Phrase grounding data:
--------------------------------

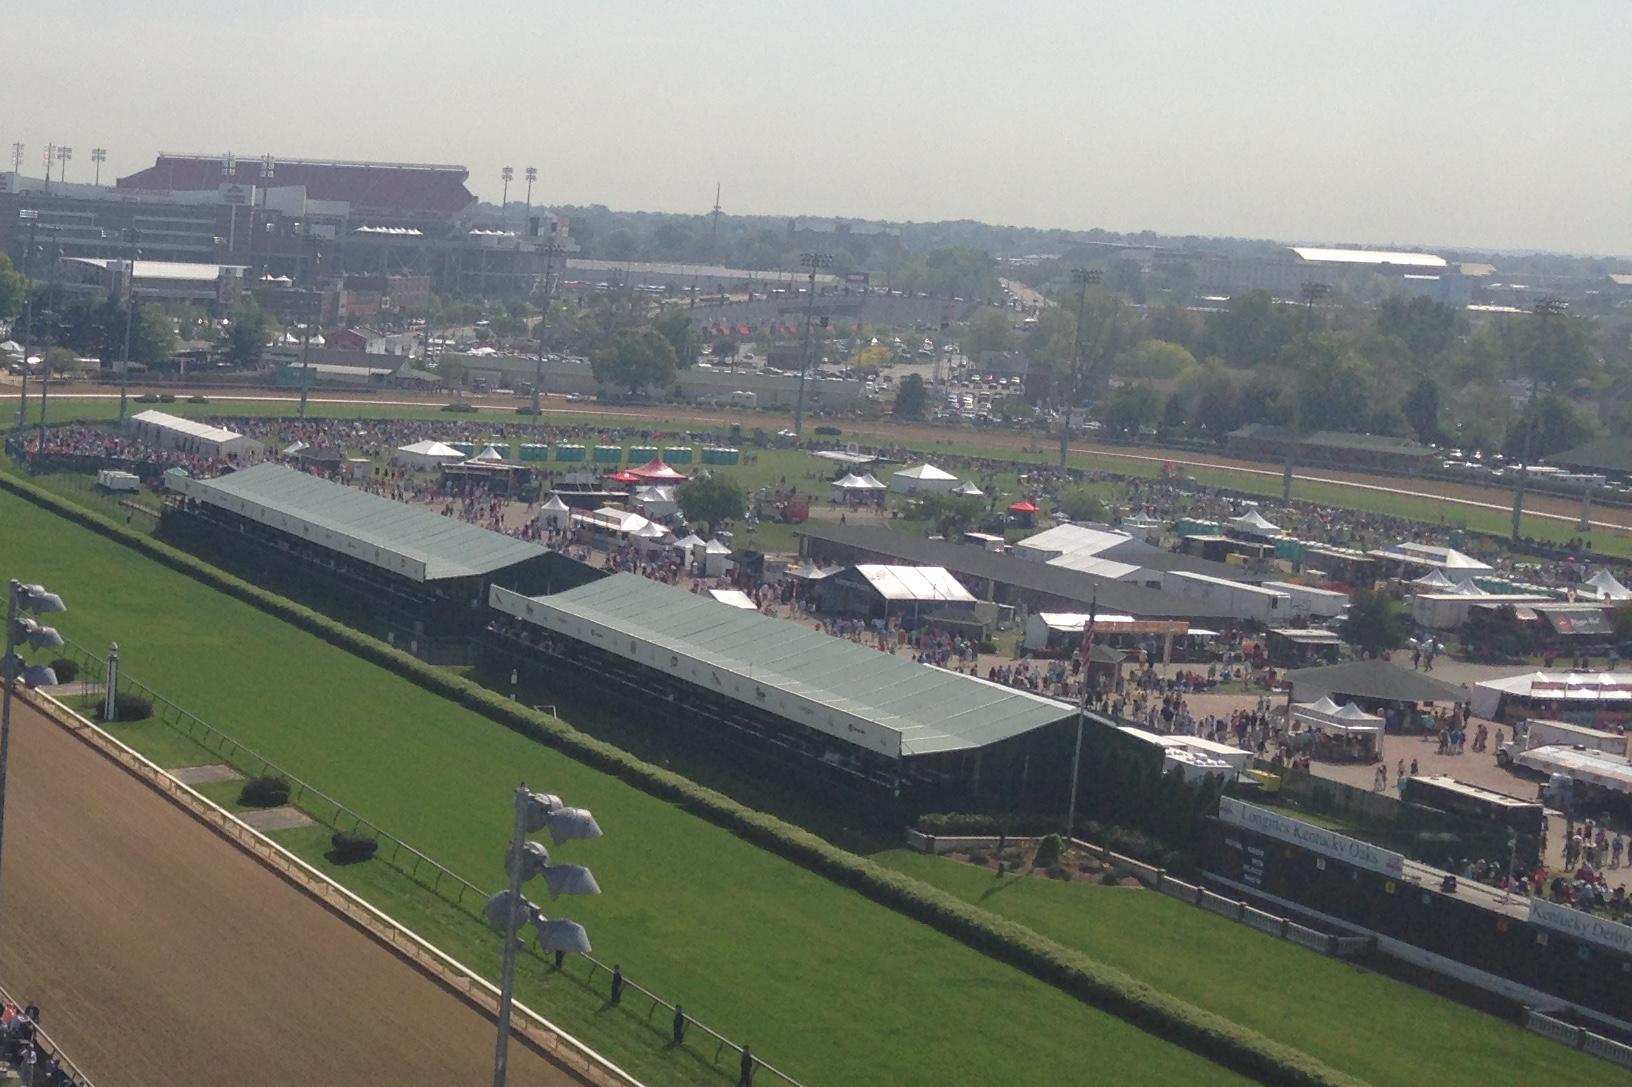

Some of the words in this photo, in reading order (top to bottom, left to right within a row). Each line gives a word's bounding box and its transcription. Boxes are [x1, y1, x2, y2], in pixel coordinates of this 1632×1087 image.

[1293, 824, 1347, 854] Kentucky
[1349, 844, 1379, 865] Oaks
[1534, 904, 1589, 935] Kentucky
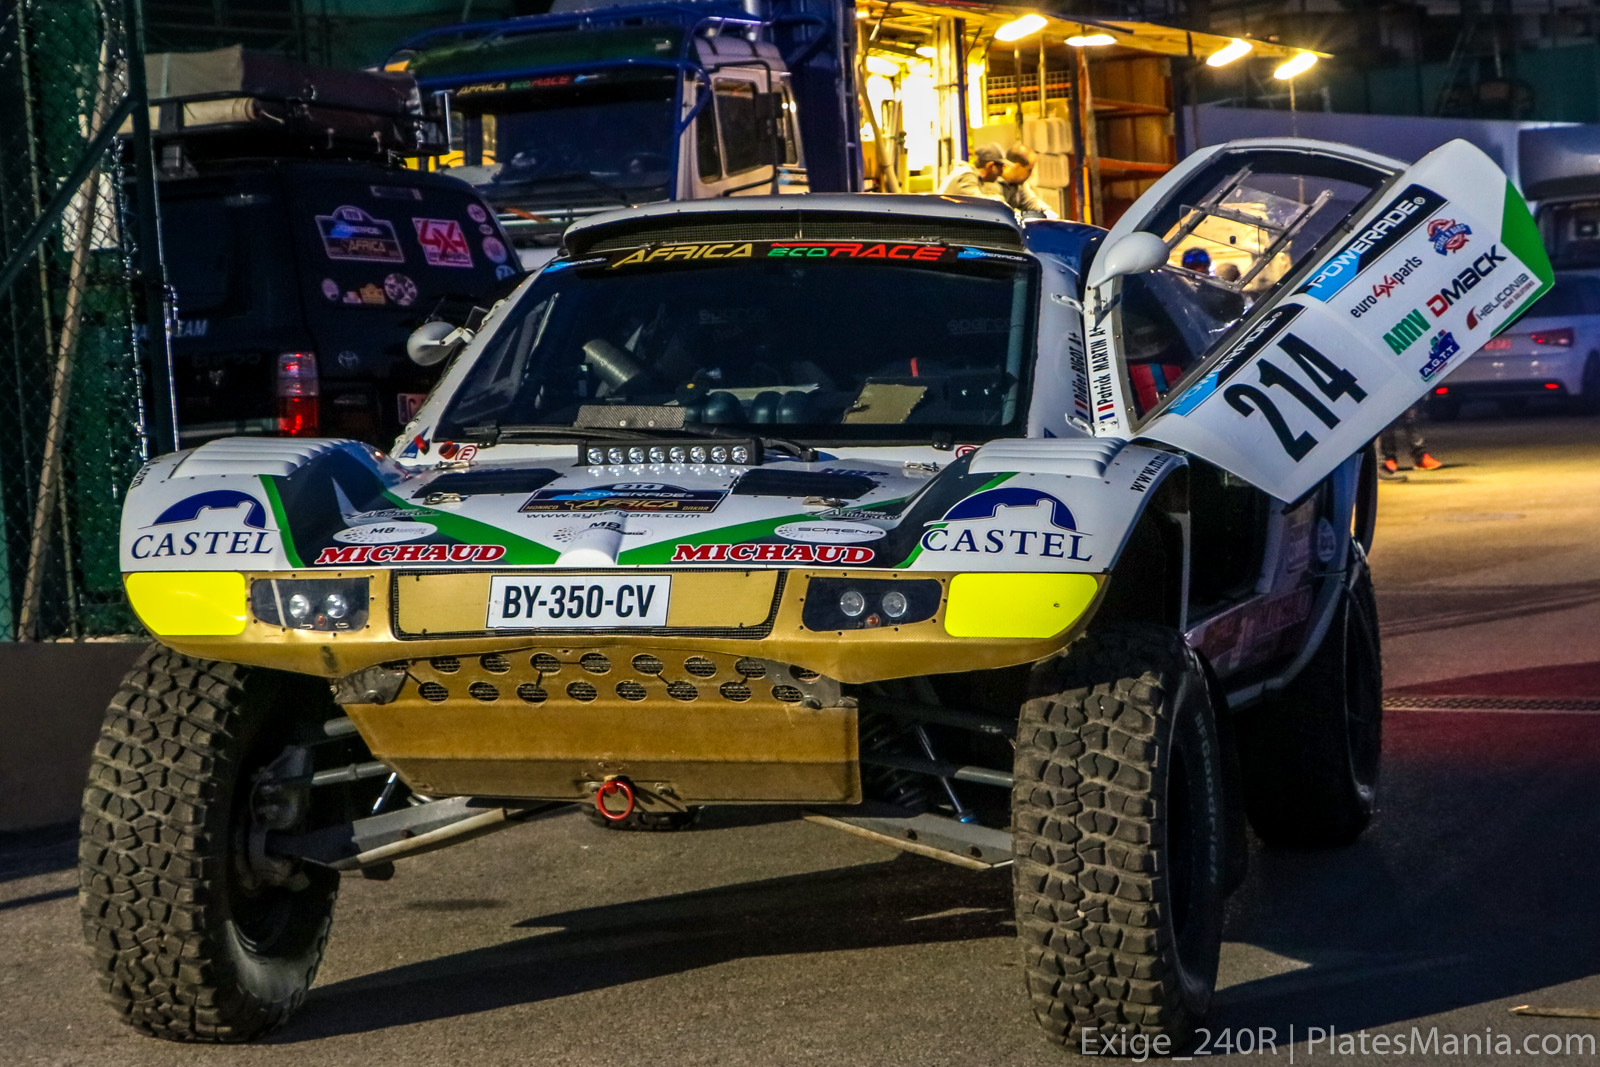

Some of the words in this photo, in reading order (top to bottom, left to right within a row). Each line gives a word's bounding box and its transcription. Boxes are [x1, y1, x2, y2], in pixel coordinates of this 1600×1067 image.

[612, 243, 753, 268] AFRICA
[1307, 199, 1420, 288] POWERADE
[1090, 338, 1110, 373] MARTIN
[1093, 373, 1114, 406] Patrick
[1223, 332, 1368, 463] 214
[578, 500, 679, 509] AFRICA
[589, 521, 622, 529] MB
[797, 527, 884, 535] SORENA
[131, 532, 274, 560] CASTEL
[315, 544, 506, 564] MICHAUD
[672, 543, 875, 564] MICHAUD
[921, 529, 1093, 562] CASTEL
[502, 584, 656, 619] BY-350-CV

--------------------------------

• _What this task involves_: Exact copy, no pictures: set down all the entries again as they stand.

• _Worked solution_:
Some of the words in this photo, in reading order (top to bottom, left to right within a row). Each line gives a word's bounding box and its transcription. Boxes are [x1, y1, x2, y2], in pixel coordinates of this 1632×1087 image.

[1293, 824, 1347, 854] Kentucky
[1349, 844, 1379, 865] Oaks
[1534, 904, 1589, 935] Kentucky

Some of the words in this photo, in reading order (top to bottom, left to right within a row). Each line gives a word's bounding box and its transcription. Boxes are [x1, y1, x2, y2], in pixel coordinates of this 1600×1067 image.

[612, 243, 753, 268] AFRICA
[1307, 199, 1420, 288] POWERADE
[1090, 338, 1110, 373] MARTIN
[1093, 373, 1114, 406] Patrick
[1223, 332, 1368, 463] 214
[578, 500, 679, 509] AFRICA
[589, 521, 622, 529] MB
[797, 527, 884, 535] SORENA
[131, 532, 274, 560] CASTEL
[315, 544, 506, 564] MICHAUD
[672, 543, 875, 564] MICHAUD
[921, 529, 1093, 562] CASTEL
[502, 584, 656, 619] BY-350-CV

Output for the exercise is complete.